Eloíno y Mario
Polonsky le dijo a Mario que esta noche más que nunca los ilegales tratarían de cruzar aprovechando la trifulca del puente, pero Mario sabía bien que mientras un país pobre viviera al lado del país más rico del mundo, lo que ellos, los de la patrulla fronteriza, hacían era apretar un globo: lo que se apretaba por aquí sólo se volvía a inflar por allá; no tenía remedio y aunque al principio a Mario le divirtió su trabajo como un juego casi infantil, como las escondidas cuando era niño, la exasperación comenzó a ganarle porque la violencia iba en aumento, porque Polansky era implacable en su odio a los mexicanos, para quedar bien con él no bastaba cumplir profesionalmente, era necesario demostrar verdadero odio y eso le costaba a Mario Islas, al cabo hijo de mexicanos aunque nacido ya de este lado del río Grande; pero eso mismo avivaba las sospechas de su superior Polonsky: una noche Mario lo pescó en la taberna diciendo que los mexicanos eran todos cobardes y estuvo a punto de pegarle, Polonsky lo notó, seguro que lo provocó, sabía que Mario estaba allí, por eso lo dijo y luego aprovechó para decirle:
—Déjame ser franco, Mario, ustedes los mexicanos que sirven en la patrulla tienen que demostrar su lealtad más convincentemente que nosotros, los verdaderos norteamericanos…

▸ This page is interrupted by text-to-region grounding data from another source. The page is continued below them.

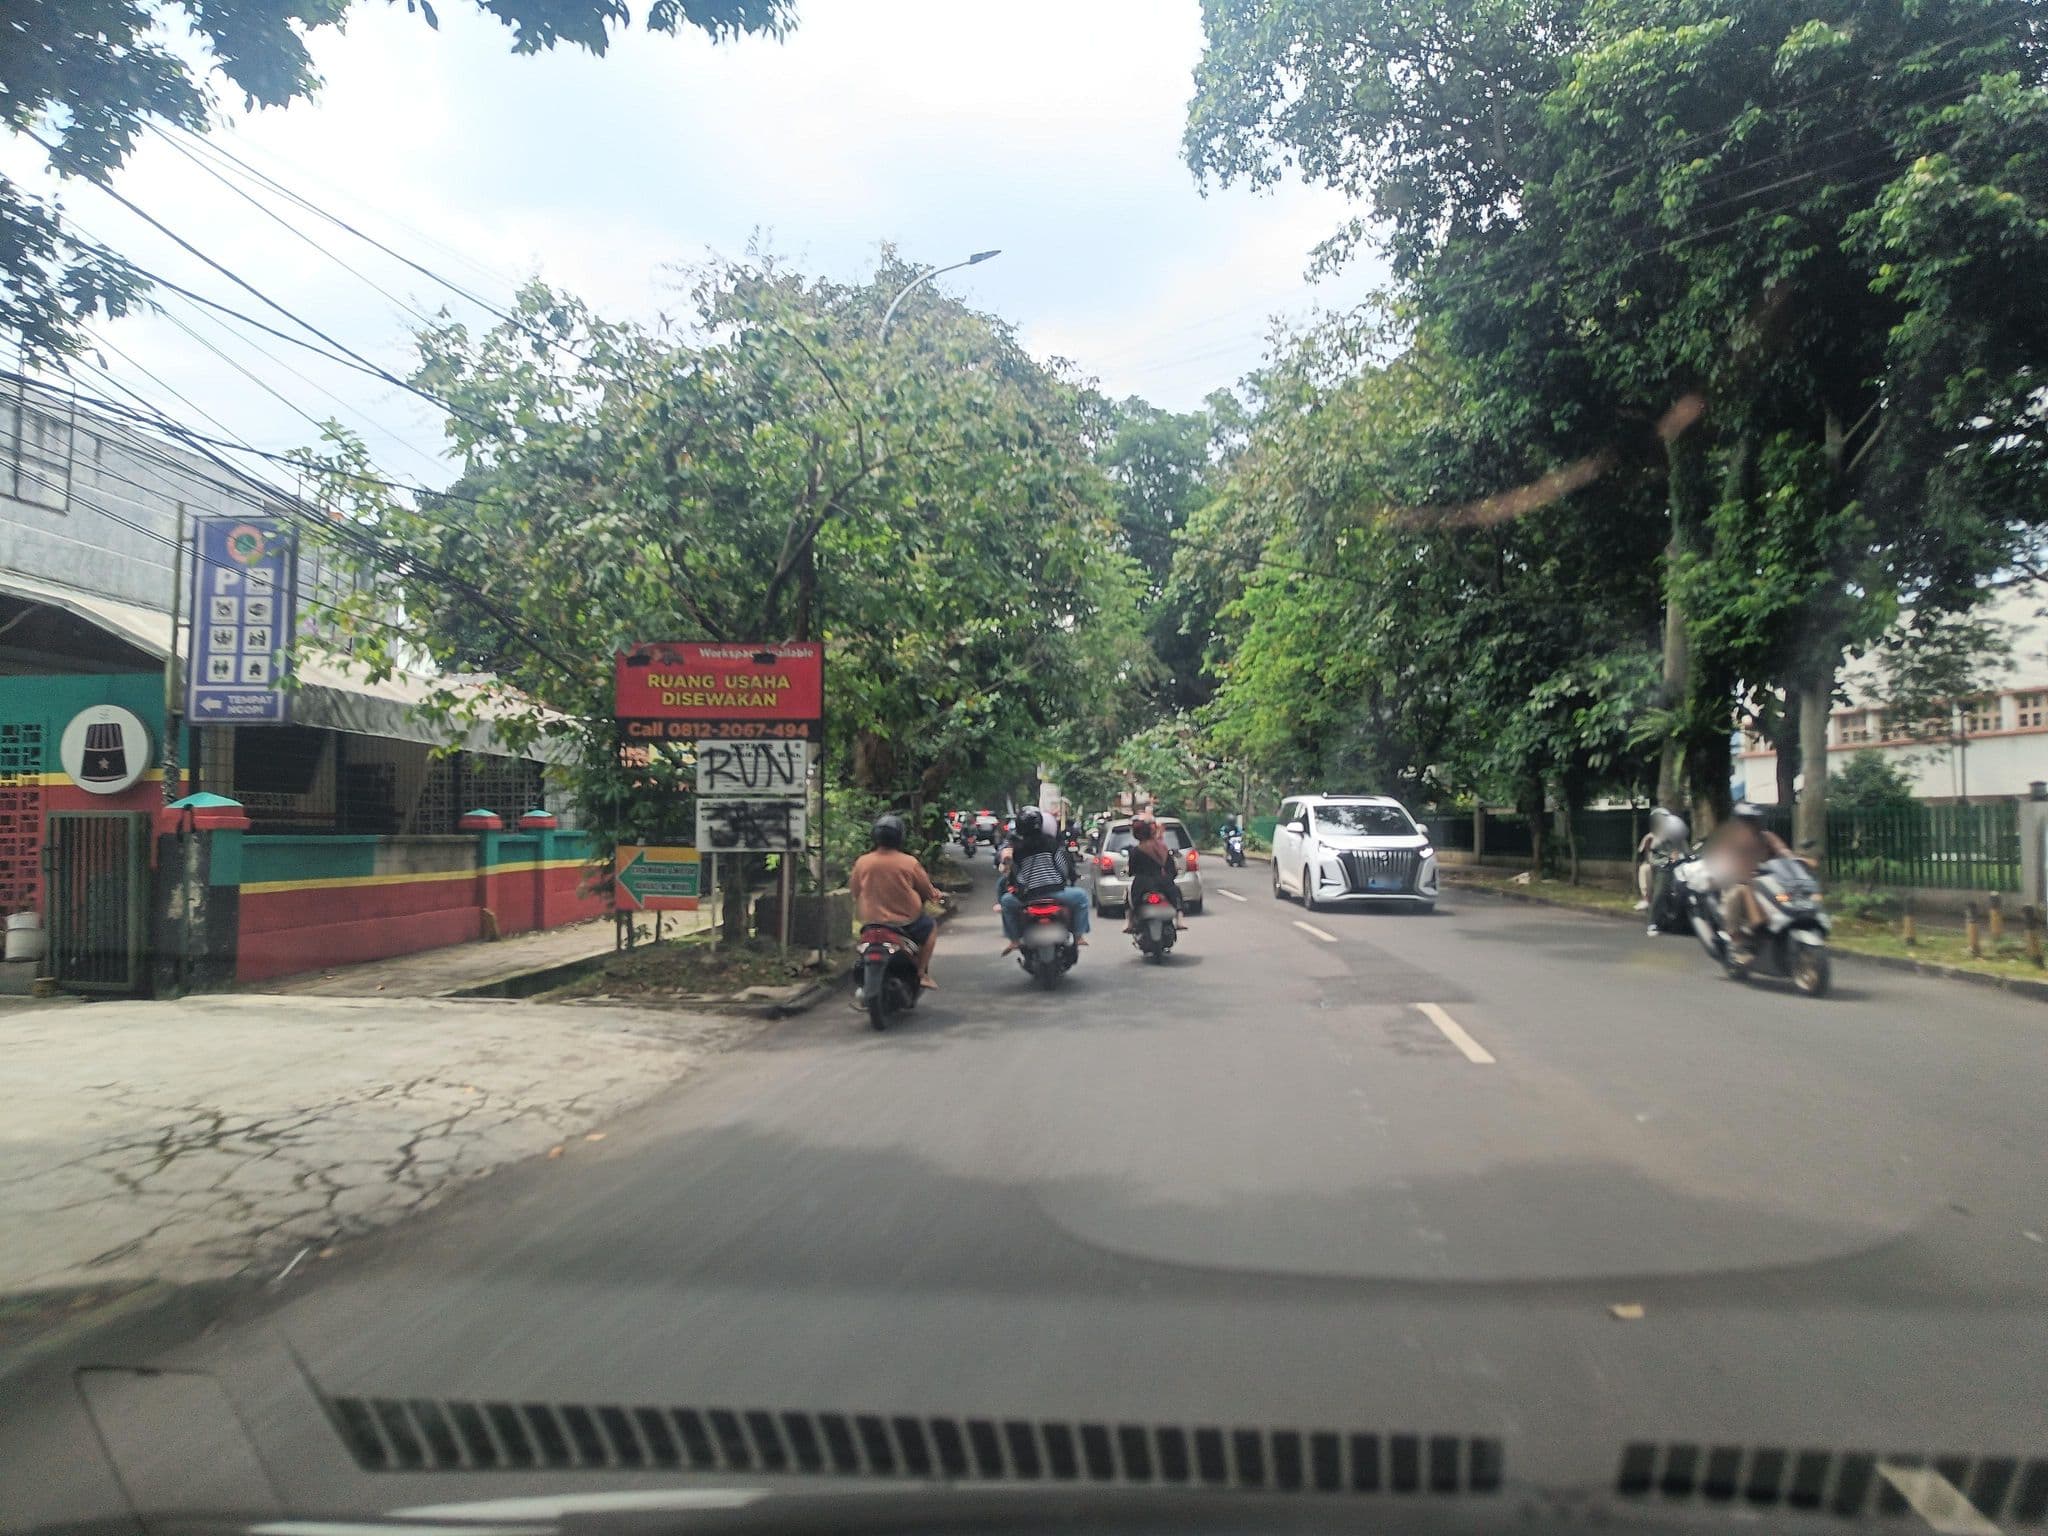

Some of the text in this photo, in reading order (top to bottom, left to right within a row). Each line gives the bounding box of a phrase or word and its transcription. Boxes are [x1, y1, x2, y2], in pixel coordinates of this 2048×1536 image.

[215, 567, 240, 594] P
[647, 674, 791, 689] RUANG USAHA
[227, 695, 273, 704] TEMPAT
[662, 692, 777, 706] DISEWAKAN
[628, 722, 664, 737] Call
[700, 741, 794, 789] RUN

—Yo nací aquí, Dan. Soy tan norteamericano como tú. Y no me digas que los Polonsky llegaron en el Mayflower.
—Cuidado con las impertinencias, boy.
—Soy un oficial. No me digas boy. Yo te respeto. Respétame a mí.
—Quiero decir somos blancos, europeos, savvy?
—¿España no está en Europa? Yo desciendo de españoles, tú de polacos, todos europeos…
—Hablas español. Los negros hablan inglés. Eso no los hace ingleses a ellos, ni español a ti…
—Dan, nuestra discusión no tiene sentido —sonrió Mario encogiéndose de hombros. Hagamos bien nuestro trabajo.
—A mí no me cuesta a ti sí.
—Tú todo lo ves como racista. No te voy a cambiar, Polonsky. Hagamos bien nuestro trabajo. Olvídate que soy tan americano como tú…
En las noches largas del río Grande, río Bravo, Mario Islas se decía que quizás Dan Polonsky tenía razón en dudar de él. Esta pobre gente sólo venía buscando trabajo. No le quitaba trabajo a nadie. ¿Fue culpa de los mexicanos que cerraran las industrias de guerra y hubiera más desempleados?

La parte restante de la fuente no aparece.